[Stored data entries]
* * *

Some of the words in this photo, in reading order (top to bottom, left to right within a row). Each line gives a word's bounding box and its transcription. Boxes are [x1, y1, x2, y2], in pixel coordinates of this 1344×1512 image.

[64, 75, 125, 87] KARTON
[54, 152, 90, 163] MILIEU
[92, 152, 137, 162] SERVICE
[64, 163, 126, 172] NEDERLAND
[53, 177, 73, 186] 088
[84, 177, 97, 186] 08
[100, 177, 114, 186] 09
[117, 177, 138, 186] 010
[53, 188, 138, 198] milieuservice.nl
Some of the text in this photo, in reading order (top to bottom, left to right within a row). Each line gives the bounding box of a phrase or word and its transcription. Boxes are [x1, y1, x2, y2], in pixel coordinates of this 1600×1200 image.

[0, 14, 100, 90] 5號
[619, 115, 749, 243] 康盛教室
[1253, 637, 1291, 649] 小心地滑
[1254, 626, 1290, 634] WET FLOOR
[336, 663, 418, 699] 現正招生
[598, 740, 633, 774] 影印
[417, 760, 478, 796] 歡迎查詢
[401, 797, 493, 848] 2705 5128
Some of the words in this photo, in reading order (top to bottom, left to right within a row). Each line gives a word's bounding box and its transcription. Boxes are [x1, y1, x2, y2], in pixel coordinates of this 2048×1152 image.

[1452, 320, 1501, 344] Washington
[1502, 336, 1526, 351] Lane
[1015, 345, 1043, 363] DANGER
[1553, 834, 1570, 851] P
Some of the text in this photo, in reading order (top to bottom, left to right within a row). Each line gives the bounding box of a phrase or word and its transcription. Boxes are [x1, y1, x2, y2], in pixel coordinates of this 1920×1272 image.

* * *

EXERCISE GOAL:
Keeping every word in place, restate the entries above.

PROBLEM SOLUTION:
Some of the words in this photo, in reading order (top to bottom, left to right within a row). Each line gives a word's bounding box and its transcription. Boxes are [x1, y1, x2, y2], in pixel coordinates of this 1344×1512 image.

[64, 75, 125, 87] KARTON
[54, 152, 90, 163] MILIEU
[92, 152, 137, 162] SERVICE
[64, 163, 126, 172] NEDERLAND
[53, 177, 73, 186] 088
[84, 177, 97, 186] 08
[100, 177, 114, 186] 09
[117, 177, 138, 186] 010
[53, 188, 138, 198] milieuservice.nl
Some of the text in this photo, in reading order (top to bottom, left to right within a row). Each line gives the bounding box of a phrase or word and its transcription. Boxes are [x1, y1, x2, y2], in pixel coordinates of this 1600×1200 image.

[0, 14, 100, 90] 5號
[619, 115, 749, 243] 康盛教室
[1253, 637, 1291, 649] 小心地滑
[1254, 626, 1290, 634] WET FLOOR
[336, 663, 418, 699] 現正招生
[598, 740, 633, 774] 影印
[417, 760, 478, 796] 歡迎查詢
[401, 797, 493, 848] 2705 5128
Some of the words in this photo, in reading order (top to bottom, left to right within a row). Each line gives a word's bounding box and its transcription. Boxes are [x1, y1, x2, y2], in pixel coordinates of this 2048×1152 image.

[1452, 320, 1501, 344] Washington
[1502, 336, 1526, 351] Lane
[1015, 345, 1043, 363] DANGER
[1553, 834, 1570, 851] P
Some of the text in this photo, in reading order (top to bottom, left to right within a row). Each line gives the bounding box of a phrase or word and its transcription. Boxes are [x1, y1, x2, y2], in pixel coordinates of this 1920×1272 image.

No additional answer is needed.